To promote their new album ''...Like Clockwork,'' the Queens of the Stone Age mastermind, 40, answers our rude, impertinent, and misinformed queries.
How do you actually pronounce your last name? It’s not like a wussy Frenchman, right?
It’s HAW-mee. The French way would be the natural way to do it. But if you’re Norwegian, it would be hoo-MAY, which means ”stone outcropping that protects you from inclement weather.” The cavemen and their woolly mammoths had hoo-MAY, and then the mammoths died and it’s hoo-MEE, and then it’s HAW-mee somewhere in North Dakota where my family is from.
Why is there an ellipsis in your album title?
That’s what it’s called! Ellipsis. I was asking the other day, ”Doesn’t three dots have a name?” I think it’s the end of each sentence we had while making the record. There’s a whole previous dialogue, and the end is ”…goes like clockwork.”
Is Elton John on the record just so you could keep the word ”Queens” in your name?

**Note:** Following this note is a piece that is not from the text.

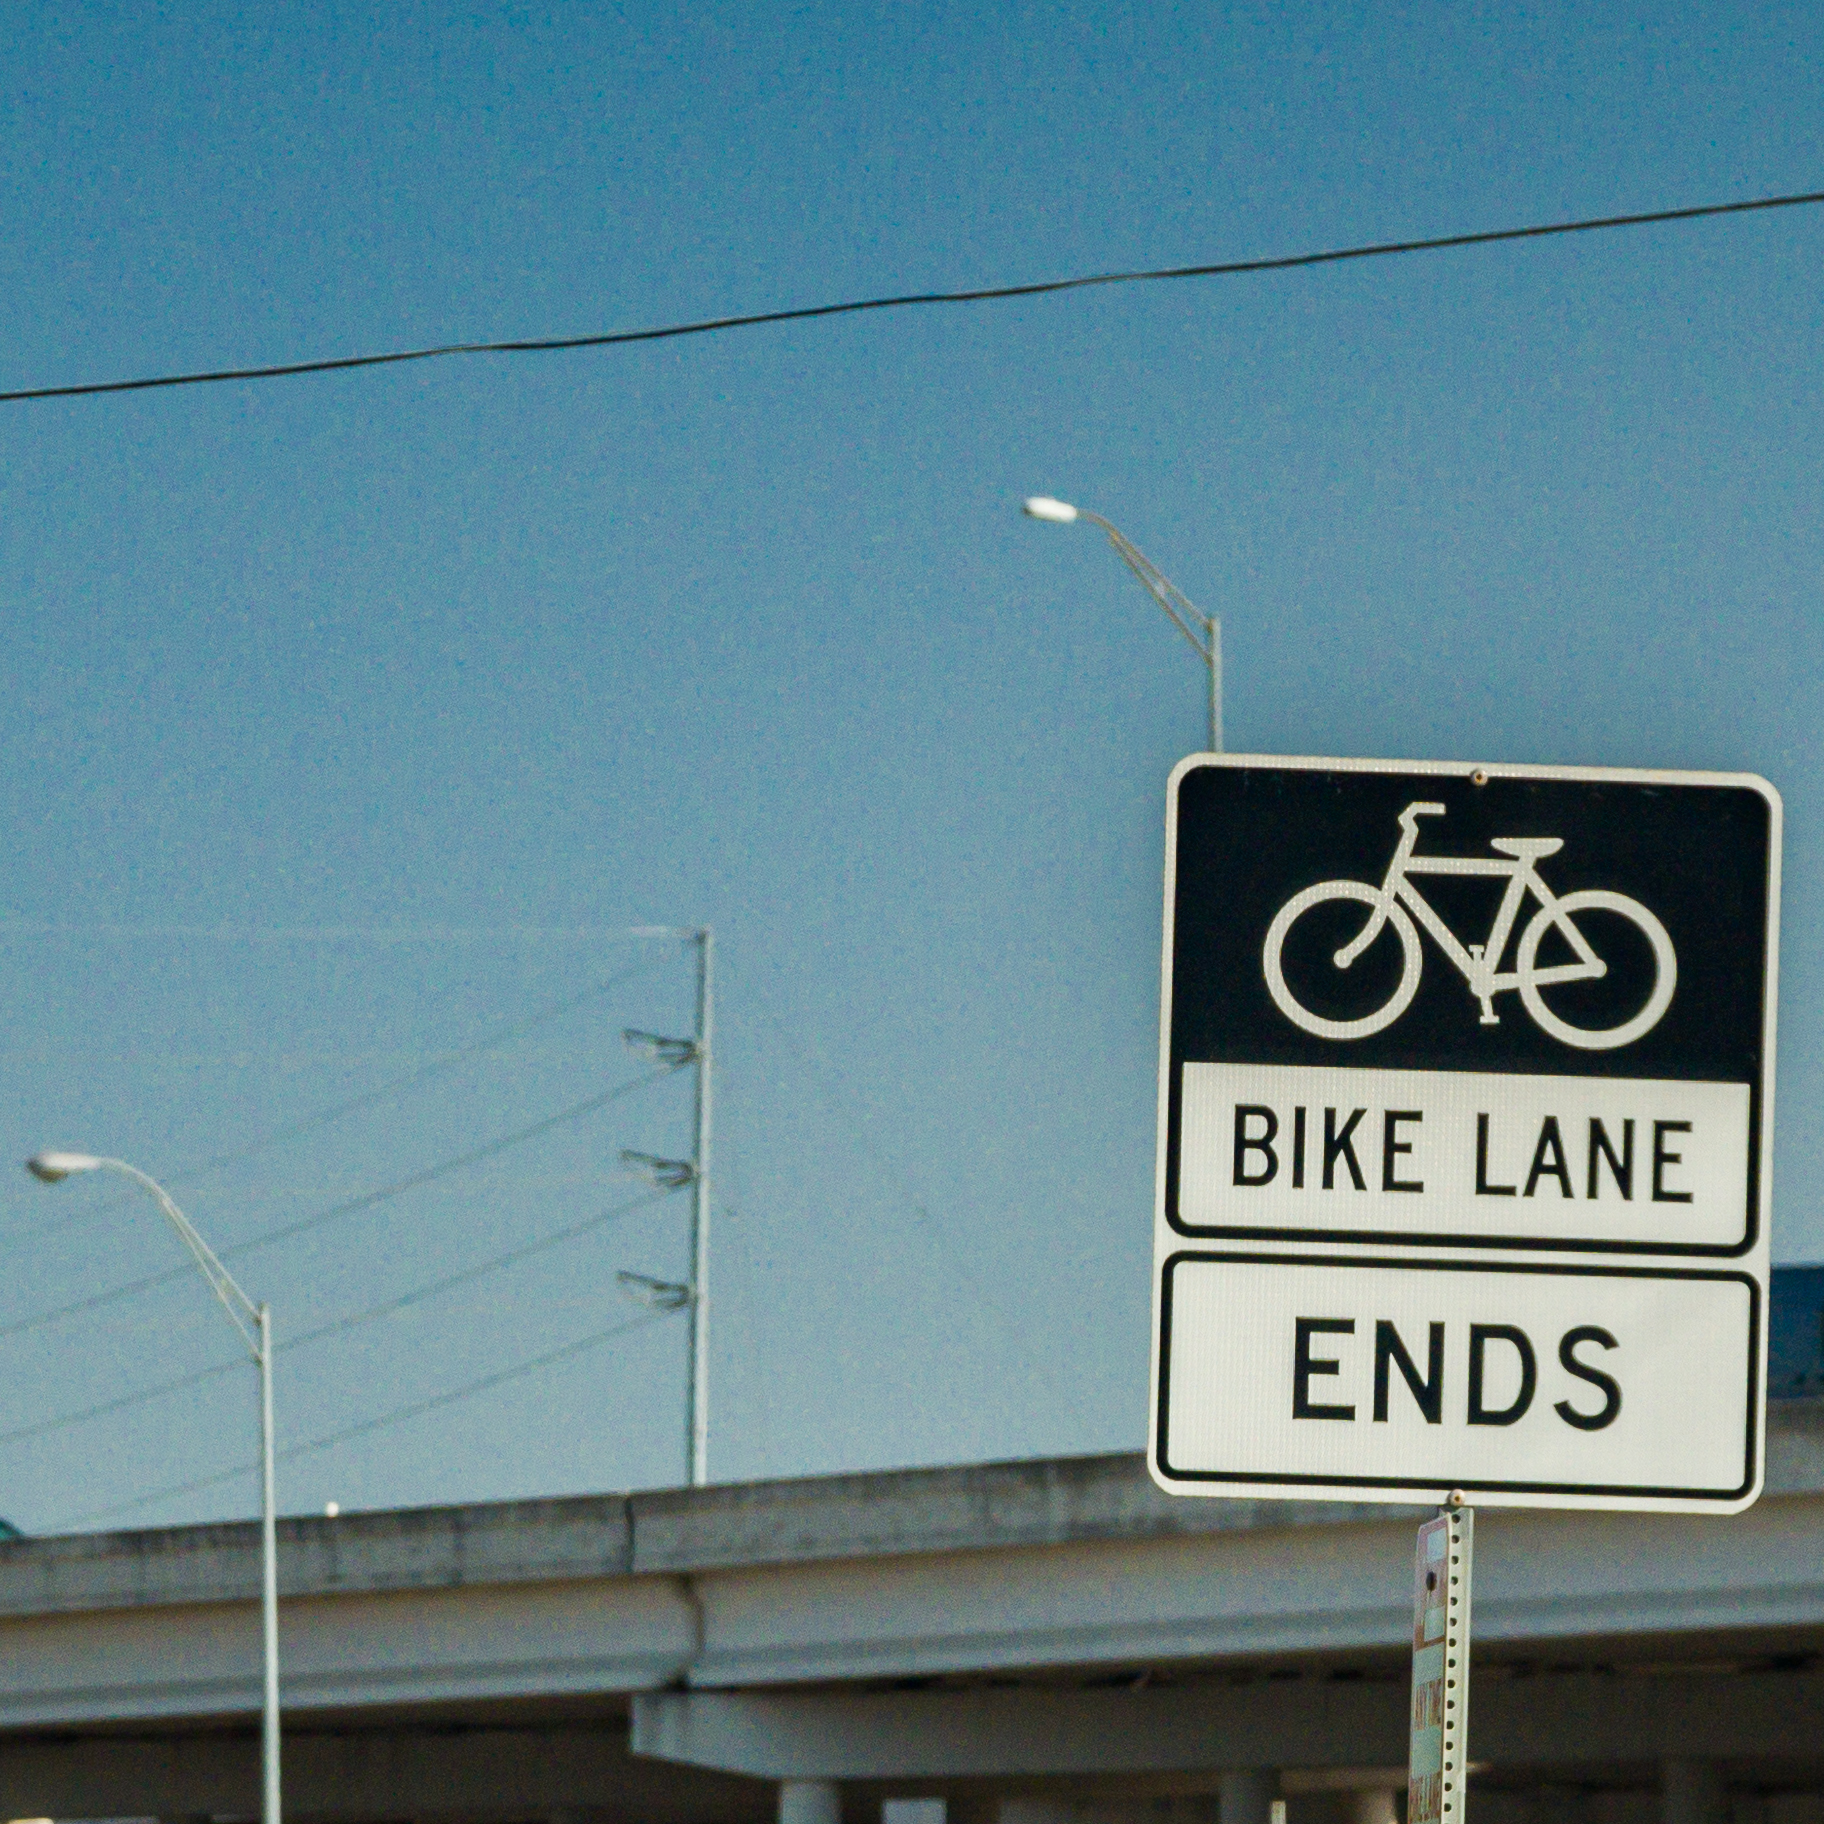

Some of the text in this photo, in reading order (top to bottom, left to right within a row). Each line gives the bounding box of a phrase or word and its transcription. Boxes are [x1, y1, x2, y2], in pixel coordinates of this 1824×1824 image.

[1232, 1103, 1695, 1204] BIKE LANE
[1291, 1315, 1623, 1432] ENDS

Much like bacon is the gateway meat for vegetarians to become nonvegetarians, I like to think Queens of the Stone Age is the gateway to being open-minded and also not PC at the same time.
Trent Reznor is also on your new one. When you get together, do you compare your favorite protein powders and arm-curl techniques?
No, we actually talk about the fact that we have the same birthday [both were born on May 17, though Homme is eight years younger], and then we argue about who is going to blow out whose candles first. This year the jury’s still out. I know we both blew as hard as we could.
The Scissor Sisters’ Jake Shears and Arctic Monkeys’ Alex Turner both appear on Clockwork. Which one would win in a fight?
A Scissor Sister, of course. Though you’re not supposed to run with one.<
Let’s move on to your Dessert Sessions side-project albums, which have roped in dozens of your fellow rock stars over the past 15 years. So what’s your crazy obsession with sweets?
Desert. It’s Desert Sessions. For a guy who knew what an ellipsis was, you sure need to read more. I think of myself as the crème brûlée of cheesecake.
Ah, so what’s your desert advice for city folk?
Don’t drink in the day. It’s a social faux pas. Drink at night, and then just stand there in the day and breathe really hard.